Charmant voisinage ! Avant toute chose, l’on découvre que les spécistes, c’est-à-dire tous les civilisés non-antispécistes, sont aussi indignes que les racistes et les sexistes. Une telle misanthropie ne peut que pousser au rejet des antispécistes et de leur cause, car personne ne sympathise sous la menace. Imagine-t-on les marxistes recruter des ouvriers en leur disant : venez avec nous sinon vous n’êtes que des sales capitalistes ? Il ne faut donc pas s’étonner que le courant passe mal. Selon la revue d’Ethnologie française :
« Cette mouvance, en conflit avec la société globale, lutte pour l’abolition de la division du monde entre dominés et dominants et pour la liberté des humains comme des animaux. (…) ils s’estiment loin des groupes de défense animale avec qui, à leurs débuts, ils ont voulu s’entendre sans y parvenir. »
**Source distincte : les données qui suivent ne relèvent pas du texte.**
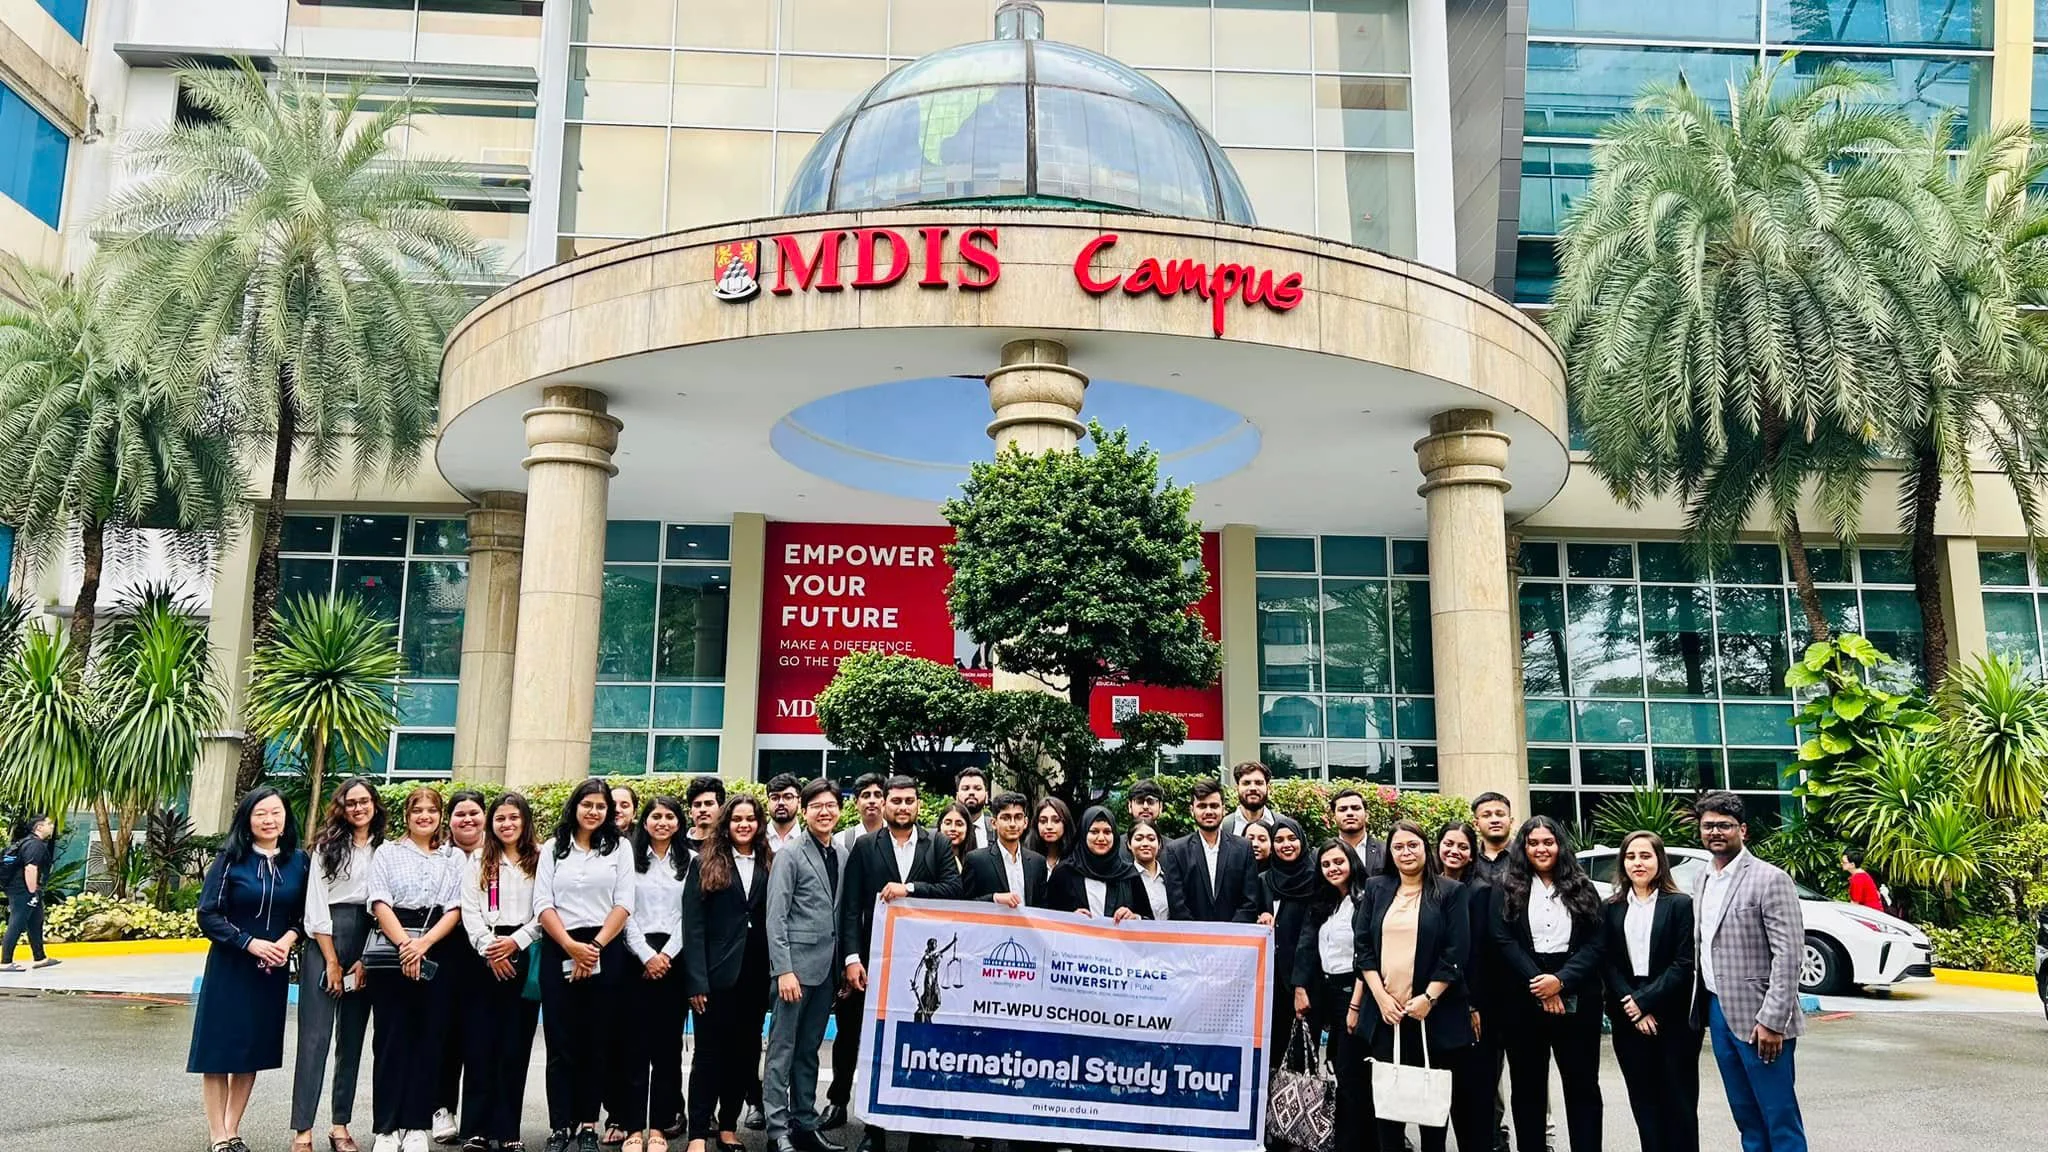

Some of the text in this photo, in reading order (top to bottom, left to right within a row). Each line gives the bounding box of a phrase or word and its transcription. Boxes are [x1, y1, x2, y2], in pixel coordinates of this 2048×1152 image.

[771, 226, 1305, 338] MDIS Campus
[784, 543, 935, 567] EMPOWER
[783, 574, 866, 597] YOUR
[781, 606, 899, 629] FUTURE
[779, 639, 817, 651] MAKE
[820, 640, 830, 651] A
[778, 656, 800, 667] GO
[804, 656, 829, 667] THE
[982, 967, 1036, 981] MIT-WPU
[1051, 959, 1168, 981] MIT WORLD PEACE
[1050, 973, 1153, 992] UNIVERSITY PUNE
[972, 999, 1172, 1031] MIT-WPU SCHOOL OF LAW
[900, 1042, 1234, 1096] International Study Tour
[1032, 1102, 1099, 1117] mitwpu.edu.in
Il y a une raison profonde à ce divorce : les « groupes de défense animale » ne remettent pas en cause l’ontologie humaine, ils estiment que c’est hors sujet, alors que les antispécistes entendent la redéfinir, ce qui transparaît nettement dans les discours des militants.
La supériorité humaine
Les antispécistes reprochent à leurs détracteurs de faire des sophismes, mais nous allons voir qu’ils ne s’en privent pas. Rappelons qu’un sophisme est un :
« argument, [ou] raisonnement qui, partant de prémisses vraies, ou considérées comme telles, et obéissant aux règles de la logique, aboutit à une conclusion inadmissible. »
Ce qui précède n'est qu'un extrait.